Atualizado: 31 de jan. de 2022


Caboblo (Índio Civilizado) - [Caboble (Indian Civilisé)]. Litografia por Jean-Baptiste Debré, 1834. Acervo da Biblioteca Digital Luso-Brasileira.

 


A Fresta é uma coluna — uma colina — de periodicidade semanal dedicada a publicação de textos realizados no seio do movimento surrealista e arredores, de curadoria de Natan Schäfer.


 

Jehan Mayoux

No ano de 1969 uma série de conflitos internos ao grupo surrealista de Paris encontrou seu momento de maior tensão, conduzindo a autodissolução do grupo naquele mesmo ano. Em meio às polêmicas deste período, Vincent Bounoure[1] conduziu a enquete Nada ou o quê? [Rien ou quoi?]. Com ela, ele buscou enunciar questões fundamentais para o esclarecimento dos impasses do movimento surrealista e abrir caminhos capazes de desatar os vários nós que desde o início dos anos 1960 vinham se formando no grupo de Paris, e que se precipitaram sobretudo após a morte de André Breton, em 1966.

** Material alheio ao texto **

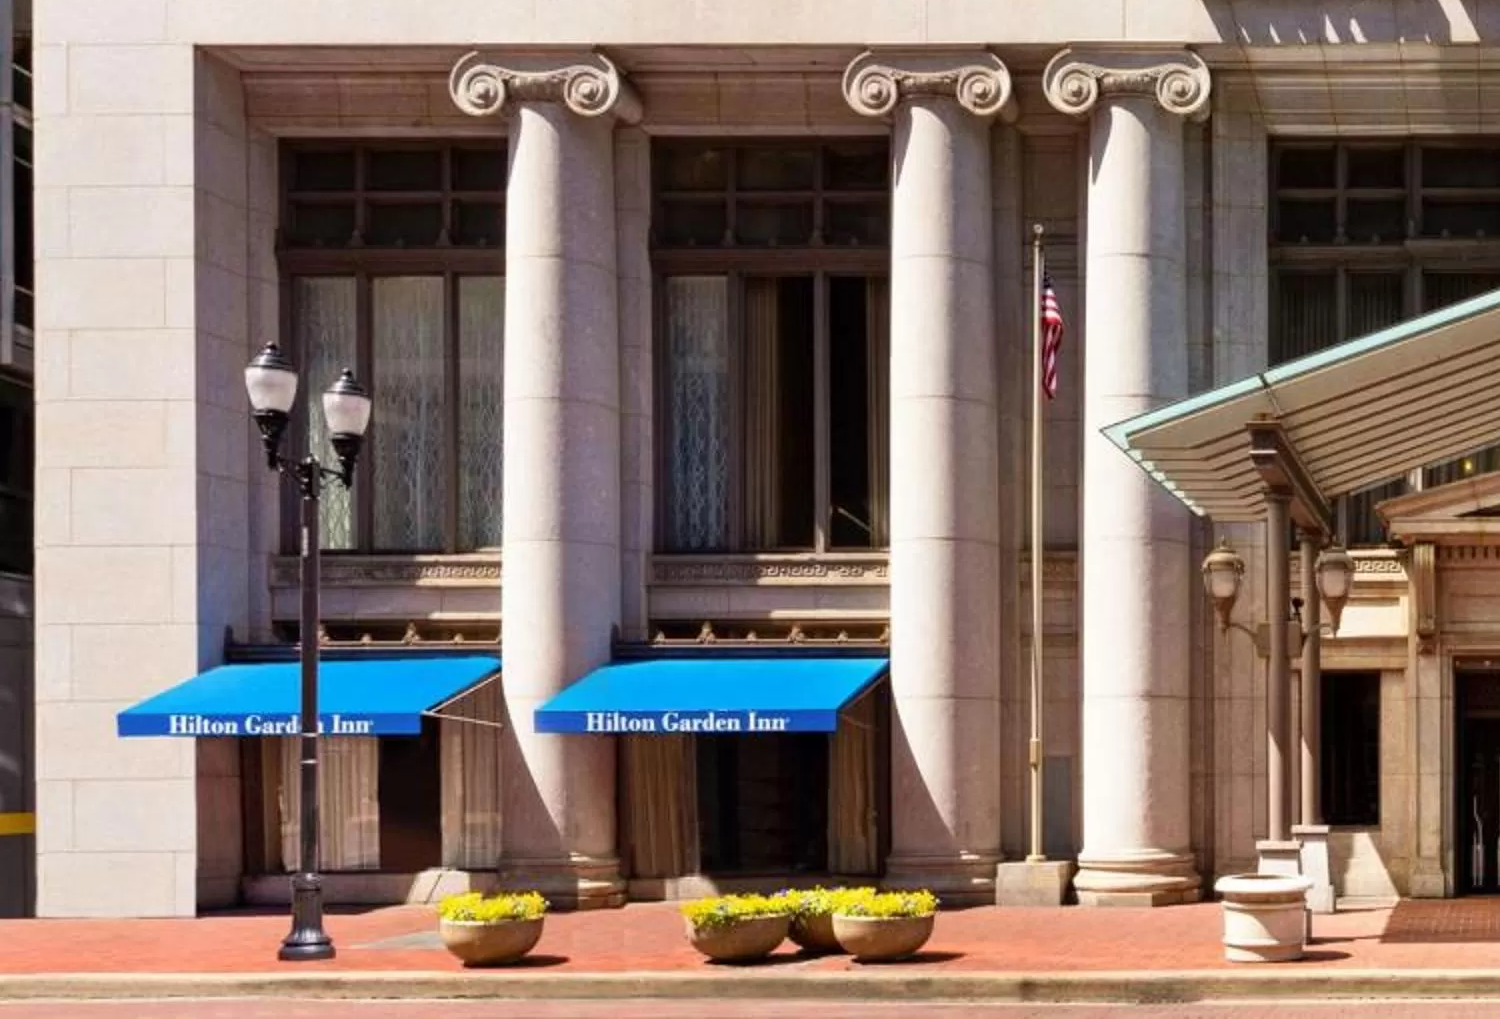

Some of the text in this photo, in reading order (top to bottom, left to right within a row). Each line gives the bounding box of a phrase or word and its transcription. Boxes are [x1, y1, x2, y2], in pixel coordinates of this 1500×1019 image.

Embora seu argumento tenha sido publicado em Momentos do surrealismo [Moments du surréalisme] (Harmattan, 1999), o resultado dessa enquete interna conduzida por Bounoure é inédito e foi divulgado somente junto aos diretamente interessados e envolvidos. Contudo, individualmente e em seu conjunto, as respostas a ela são muito elucidativas, não somente no que diz respeito àquele — e por que não a este? — momento do surrealismo, mas também a questões de fundo relacionadas ao movimento.

Este é o caso do breve trecho da resposta de Jehan Mayoux (Vienne, 1904 - Ussel, 1975), de quem já publicamos nest’A Fresta o Princípio de equivalência e sua média elevada[2]. Se naquele texto Mayoux demonstrava seu raciocínio lógico agudo, neste breve excerto, que intitulamos aqui “Direito ao erro” e que se impôs após uma conversa entre Flávia Chornobai, Marina Fanchin e eu, é com o mesmo rigor e humor que ele reivindica o direito ao erro enquanto, como ele mesmo diz, um “outro nome para liberdade de pensamento e expressão”, o que portanto é fundamental para a compreensão e vivência do surrealismo. Esta apresentação que você está lendo e que antecede o texto de Mayoux reúne algumas reflexões iniciais precipitadas pela conversa e pelo texto, ou seja, são uns poucos passos e tateamentos de uma longa busca.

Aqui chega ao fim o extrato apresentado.